Segment Start: Task input
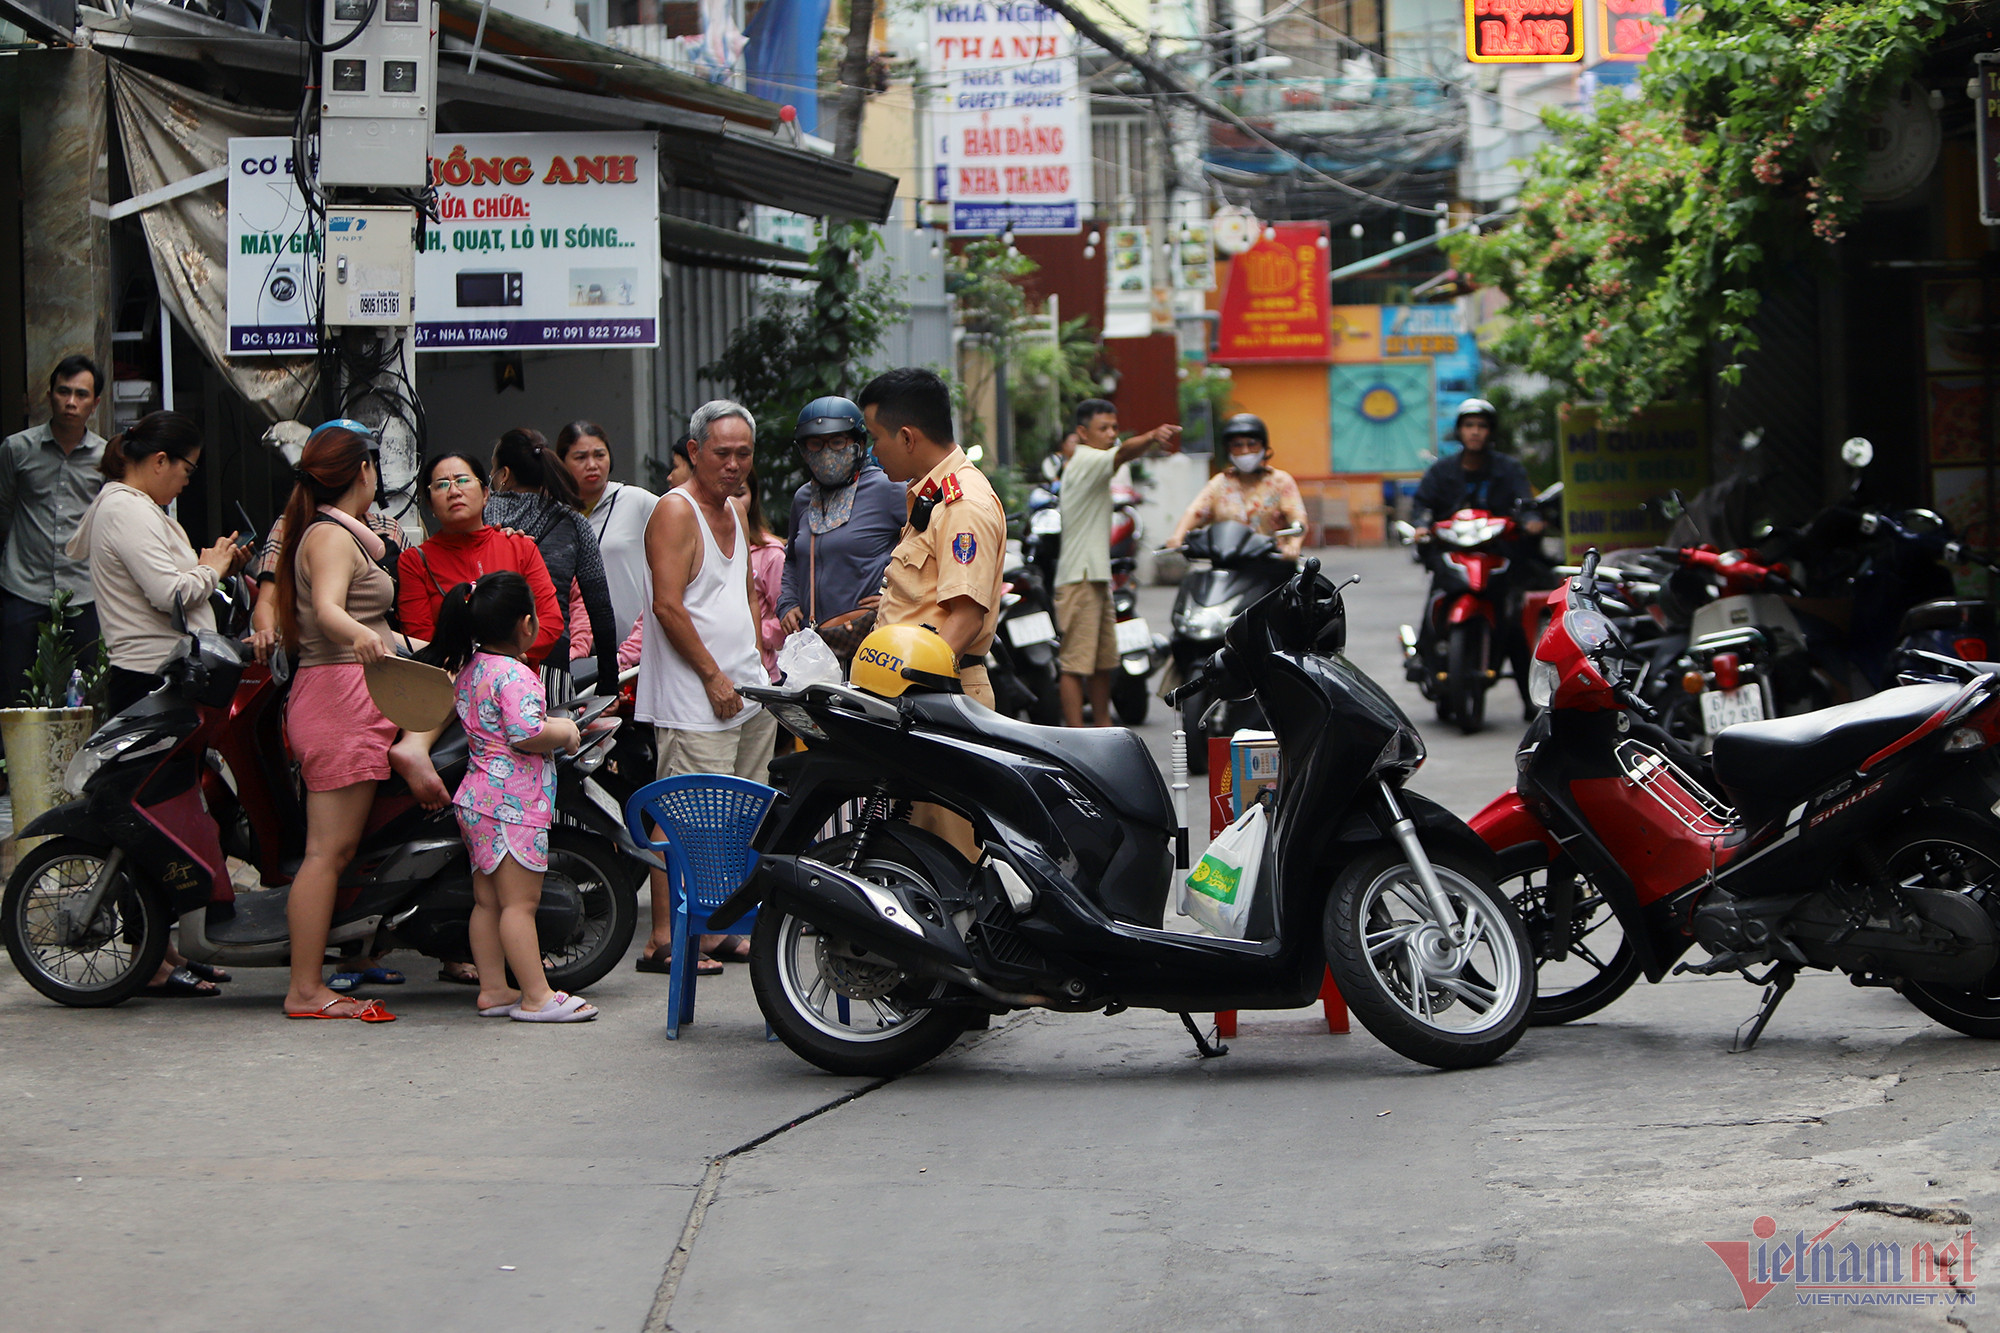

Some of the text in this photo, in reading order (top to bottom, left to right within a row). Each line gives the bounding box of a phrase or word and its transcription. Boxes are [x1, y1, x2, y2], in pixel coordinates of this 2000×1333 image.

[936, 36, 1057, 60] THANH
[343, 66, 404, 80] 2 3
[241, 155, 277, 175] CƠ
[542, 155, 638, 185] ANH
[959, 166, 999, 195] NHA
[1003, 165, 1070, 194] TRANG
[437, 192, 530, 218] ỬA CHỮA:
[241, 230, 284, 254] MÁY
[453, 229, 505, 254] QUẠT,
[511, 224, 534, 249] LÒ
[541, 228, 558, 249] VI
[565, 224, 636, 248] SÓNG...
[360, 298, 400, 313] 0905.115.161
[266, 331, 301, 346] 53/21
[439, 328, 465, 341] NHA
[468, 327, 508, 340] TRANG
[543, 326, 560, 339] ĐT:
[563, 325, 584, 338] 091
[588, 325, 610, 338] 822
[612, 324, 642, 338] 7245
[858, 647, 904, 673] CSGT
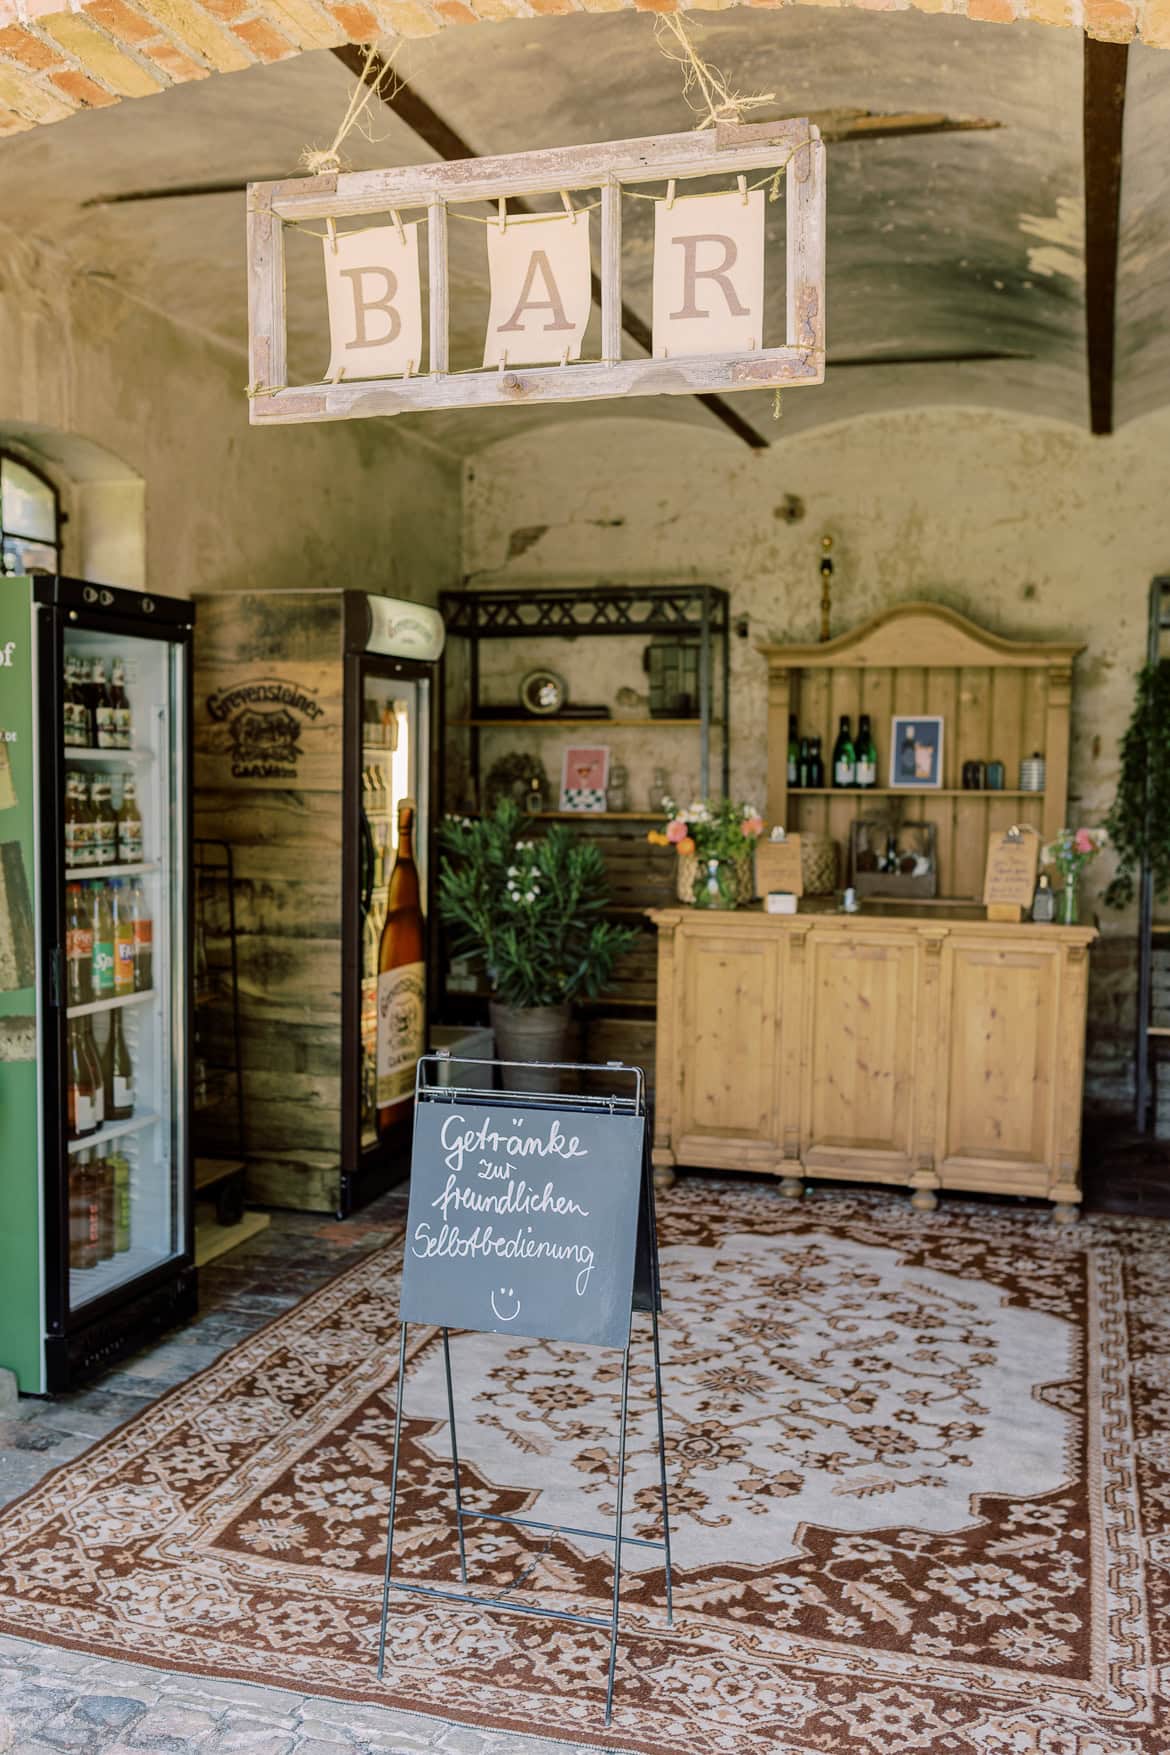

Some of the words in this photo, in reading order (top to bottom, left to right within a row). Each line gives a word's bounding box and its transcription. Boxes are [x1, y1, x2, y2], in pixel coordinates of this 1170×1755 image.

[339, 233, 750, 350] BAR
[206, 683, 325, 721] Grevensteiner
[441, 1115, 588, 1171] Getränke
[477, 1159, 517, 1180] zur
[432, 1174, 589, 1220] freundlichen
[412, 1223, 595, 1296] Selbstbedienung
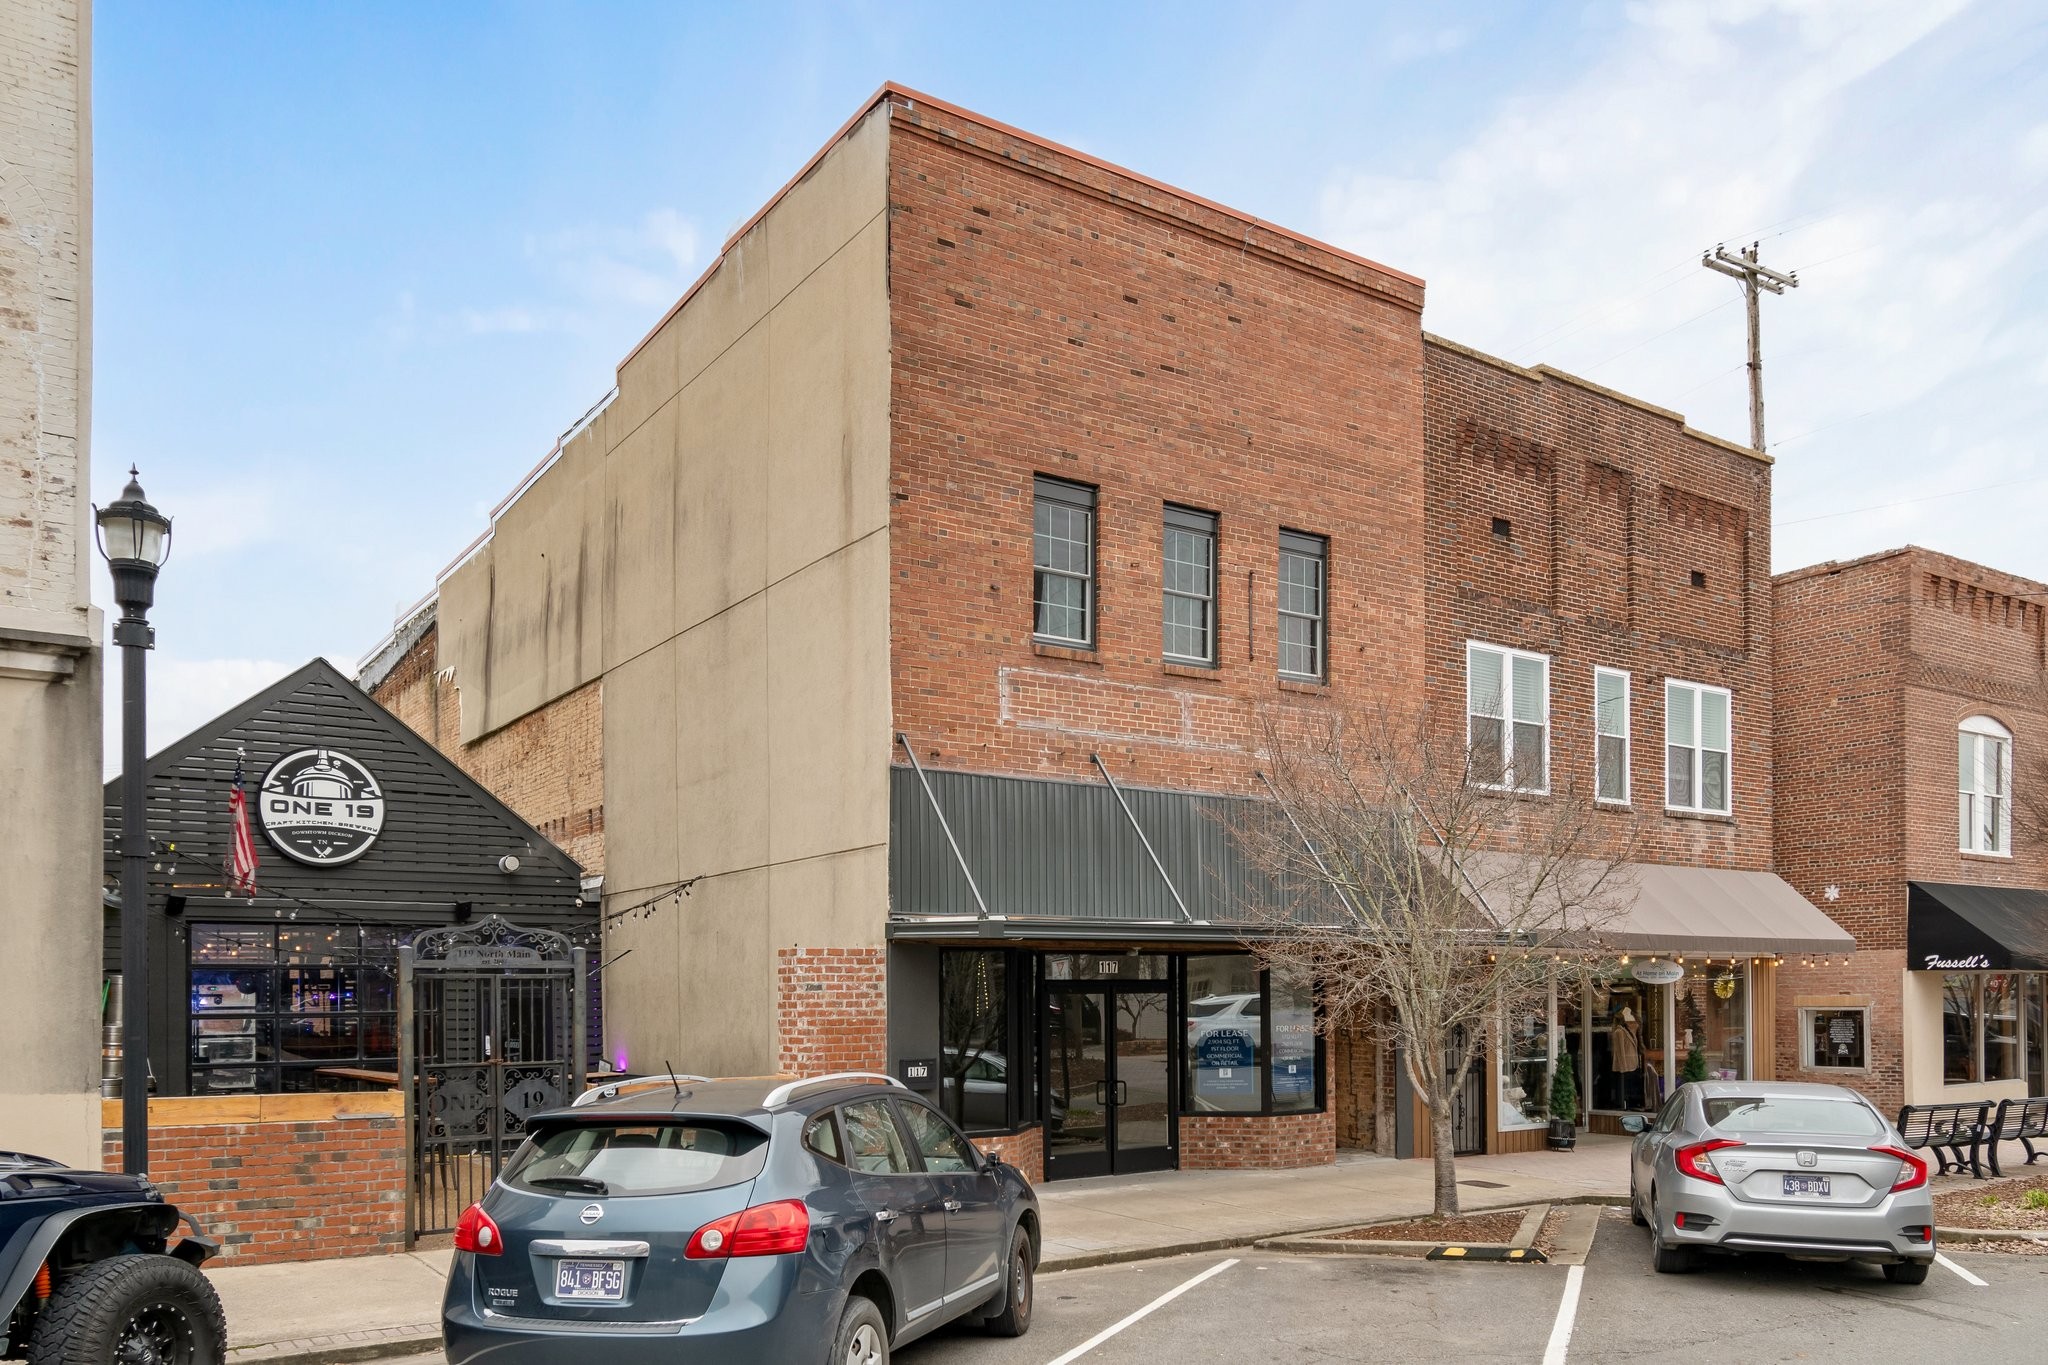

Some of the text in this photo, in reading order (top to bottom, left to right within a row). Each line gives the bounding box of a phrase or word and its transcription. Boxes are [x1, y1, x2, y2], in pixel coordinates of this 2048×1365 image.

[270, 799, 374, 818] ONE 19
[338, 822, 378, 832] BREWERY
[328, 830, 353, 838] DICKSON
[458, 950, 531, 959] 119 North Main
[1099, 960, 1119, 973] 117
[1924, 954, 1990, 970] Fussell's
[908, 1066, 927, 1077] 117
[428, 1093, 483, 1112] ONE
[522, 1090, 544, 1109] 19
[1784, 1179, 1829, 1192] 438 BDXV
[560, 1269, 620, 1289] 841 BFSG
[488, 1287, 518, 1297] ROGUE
Segment End: Task input
* _Work required_: Write out only the final block of lines, starting at the line with "this 2048×1365 image." and running to the end of the material.

* _Response to the exercise_:
Some of the text in this photo, in reading order (top to bottom, left to right within a row). Each line gives the bounding box of a phrase or word and its transcription. Boxes are [x1, y1, x2, y2], in pixel coordinates of this 2048×1365 image.

[270, 799, 374, 818] ONE 19
[338, 822, 378, 832] BREWERY
[328, 830, 353, 838] DICKSON
[458, 950, 531, 959] 119 North Main
[1099, 960, 1119, 973] 117
[1924, 954, 1990, 970] Fussell's
[908, 1066, 927, 1077] 117
[428, 1093, 483, 1112] ONE
[522, 1090, 544, 1109] 19
[1784, 1179, 1829, 1192] 438 BDXV
[560, 1269, 620, 1289] 841 BFSG
[488, 1287, 518, 1297] ROGUE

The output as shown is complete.